Accuracy = (TP+TN) / (TP+TN+FN+FP)
 
Dans notre cas, prédire une absence d’attaque cardiaque lorsqu’en réalité cette attaque cardiaque a lieu => (FN)
=>  5 fois plus couteux => FN*5 (Afin de pénaliser).

#### Notre nouvelle formule de l'accuracy: Accuracy = (TP+TN) / (TP+TN+FN*5+FP)  
    

In [None]:
#+KNeighborsClassifier(15) avec cross_val (cv=5)

In [None]:
X_av, X_t, y_av, y_t = train_test_split(X, Y, test_size=0.3, random_state=42)
#Normalisation
X_t = pd.DataFrame(std_scaler.fit_transform(X_t), columns=X_t.columns)

In [None]:
from sklearn.model_selection import cross_val_predict
from sklearn.metrics import confusion_matrix
model = KNeighborsClassifier(n_neighbors=15)
y_pred = cross_val_predict(model, X_t, y_t, cv=5)

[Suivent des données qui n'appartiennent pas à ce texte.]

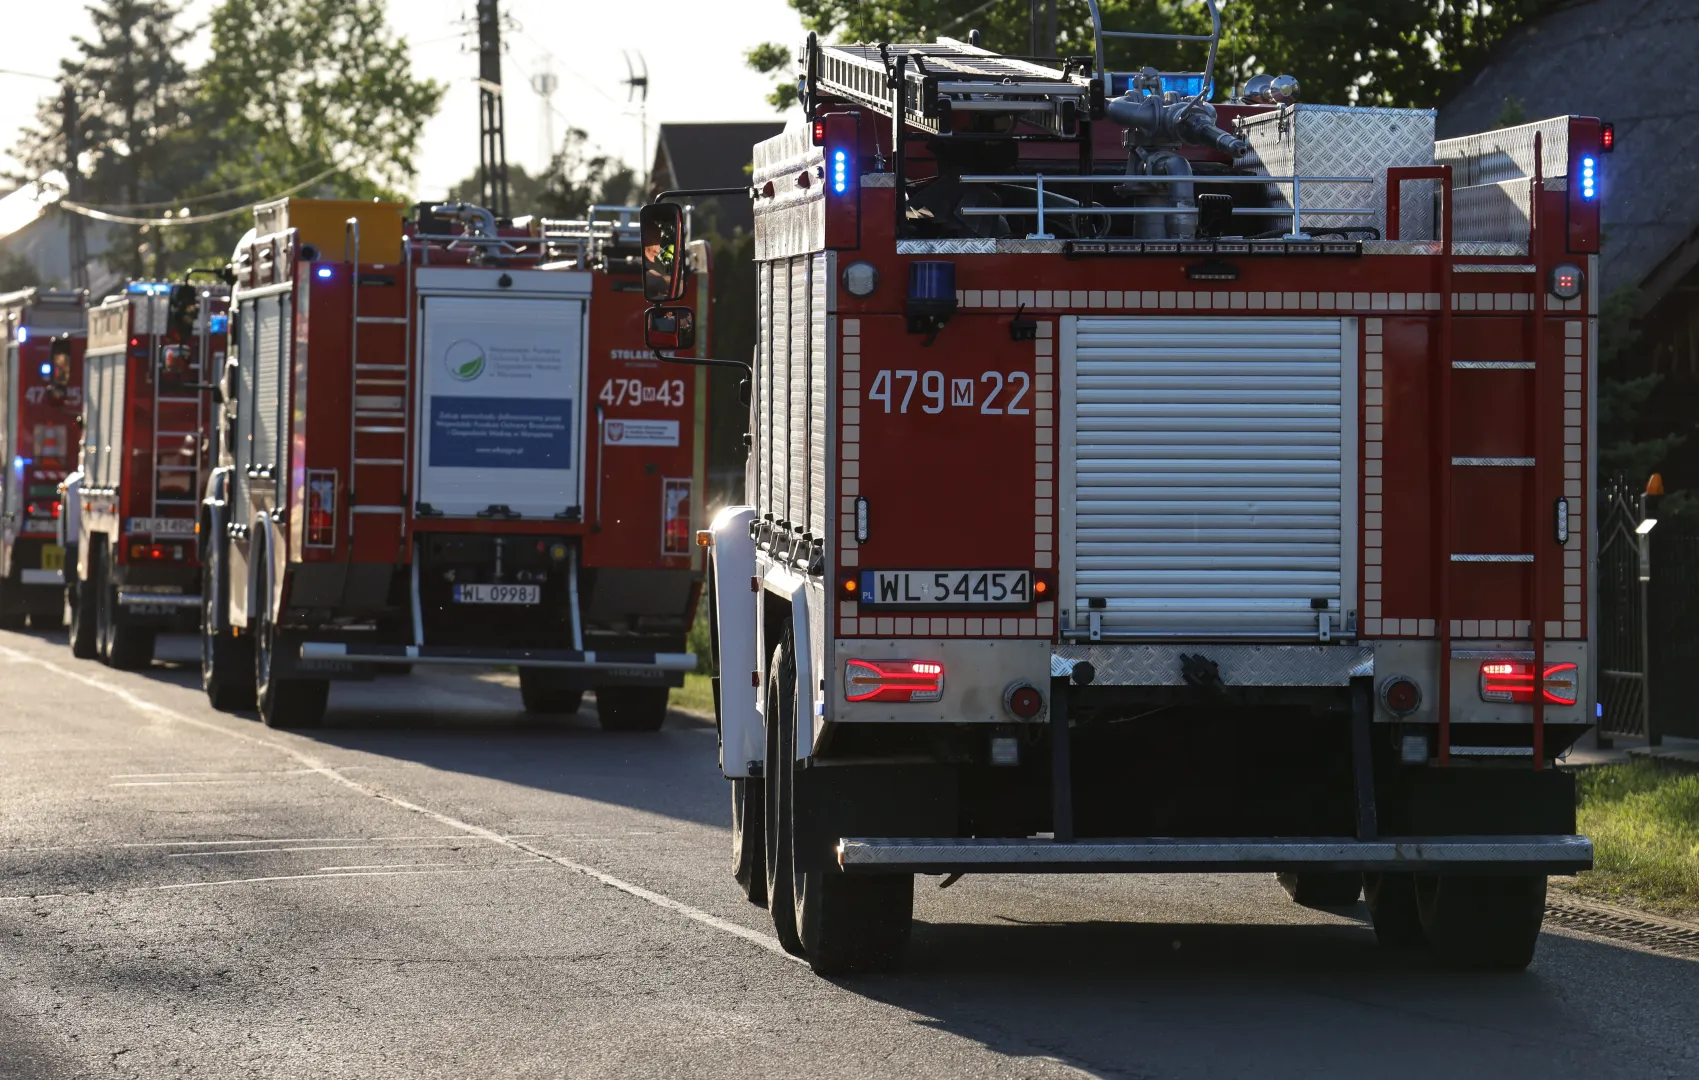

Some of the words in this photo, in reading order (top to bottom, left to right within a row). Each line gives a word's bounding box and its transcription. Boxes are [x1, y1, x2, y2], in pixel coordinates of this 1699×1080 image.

[610, 349, 675, 360] STOLARCYK
[463, 585, 485, 602] WL
[880, 573, 921, 601] WL
[934, 573, 1026, 601] 54454
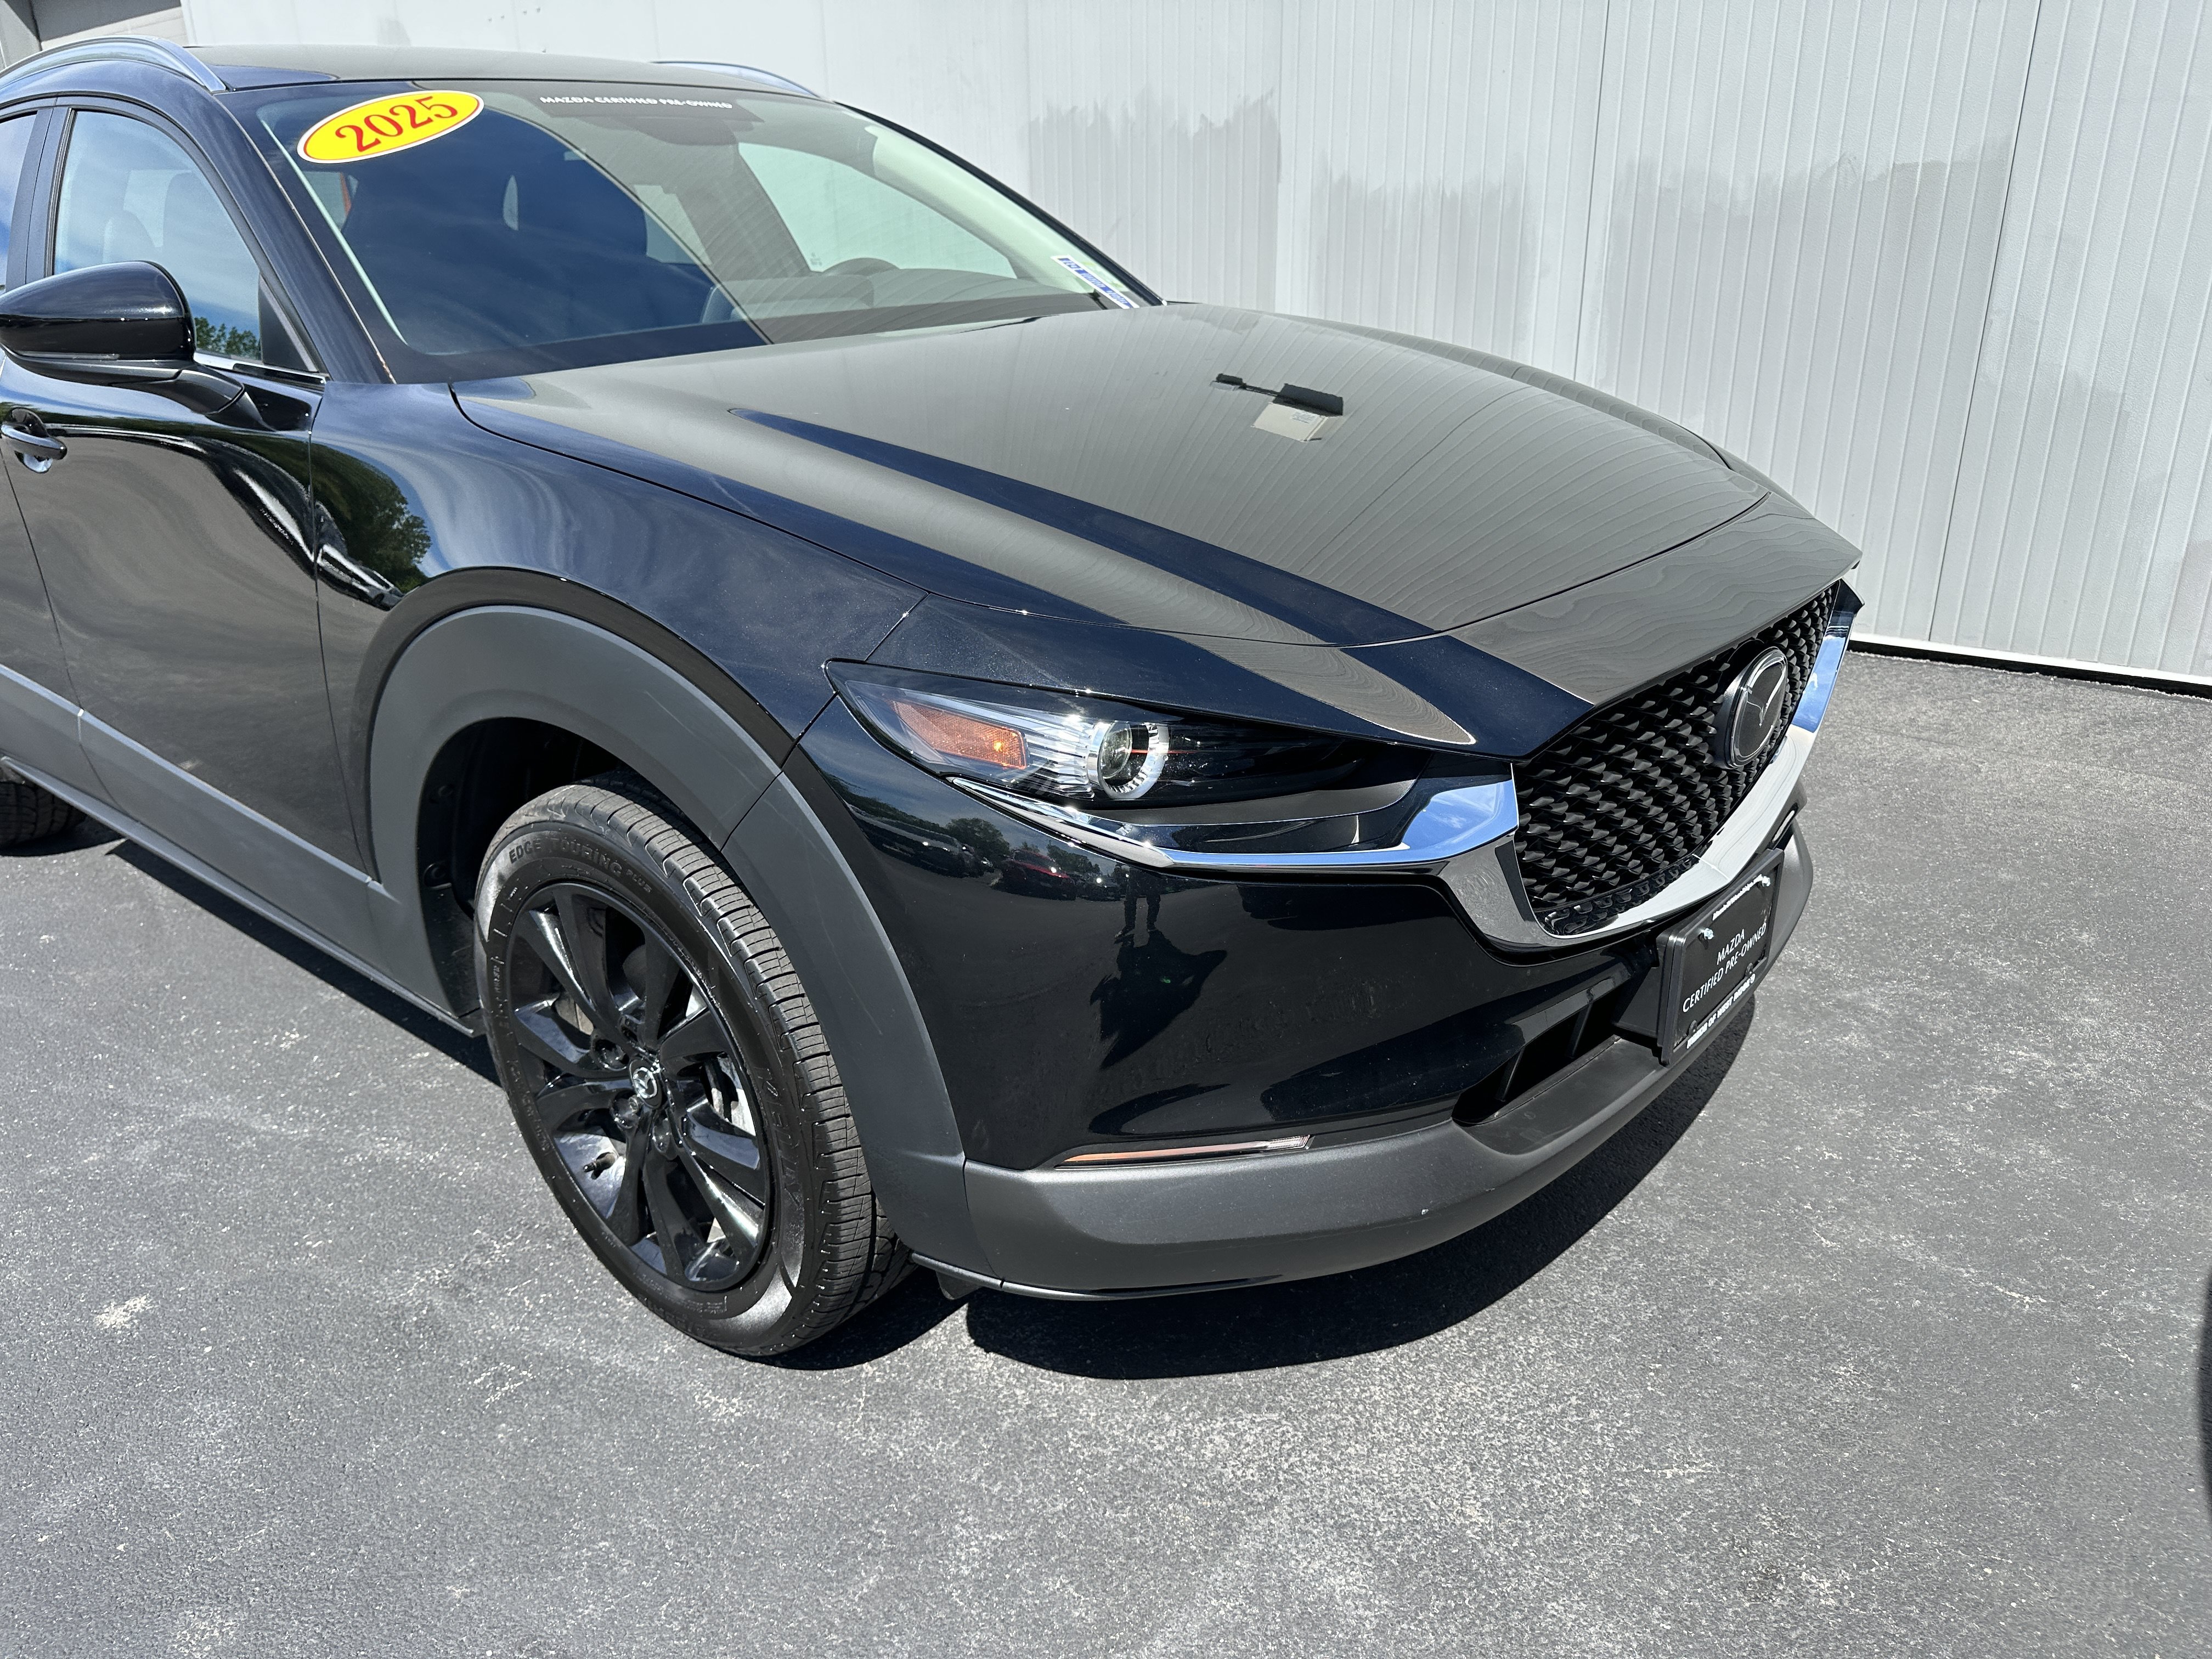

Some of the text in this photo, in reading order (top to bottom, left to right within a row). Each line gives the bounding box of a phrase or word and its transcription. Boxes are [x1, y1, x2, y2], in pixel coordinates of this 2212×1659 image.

tn, fp, fn, tp = confusion_matrix(y_t, y_pred).ravel()
print(tn, fp, fn, tp)
#Affichage du MC
conf_mat = confusion_matrix(y_t, y_pred)
conf_mat

In [None]:
my_accuracy = (tn + tp) / (tn + tp + fp + (fn*5))
print('L’erreur de classification KNeighborsClassifier(15) avec cross_val (cv=5) est:', round( 1 - my_accuracy,2))

In [None]:
#+KNeighborsClassifier(10) sans cross_val

In [None]:
X_a, X_t, y_a, y_t = train_test_split(X, Y, test_size=0.3, random_state=42)
# create a scaler object
std_scaler = StandardScaler()
X_a = pd.DataFrame(std_scaler.fit_transform(X_a), columns=X_a.columns)
X_t = pd.DataFrame(std_scaler.fit_transform(X_t), columns=X_t.columns)

In [None]:
model = KNeighborsClassifier(n_neighbors=10)
model.fit(X_a, y_a)
y_t_pred = model.predict(X_t) 

tn, fp, fn, tp = confusion_matrix(y_t, y_pred).ravel()
print(tn, fp, fn, tp)
#Affichage du MC
conf_mat = confusion_matrix(y_t, y_pred)
conf_mat

In [None]:
my_accuracy = (tn + tp) / (tn + tp + fp + (fn*5))
print('L’erreur de classification KNeighborsClassifier(10) sans cross_val est:', round( 1 - my_accuracy,2))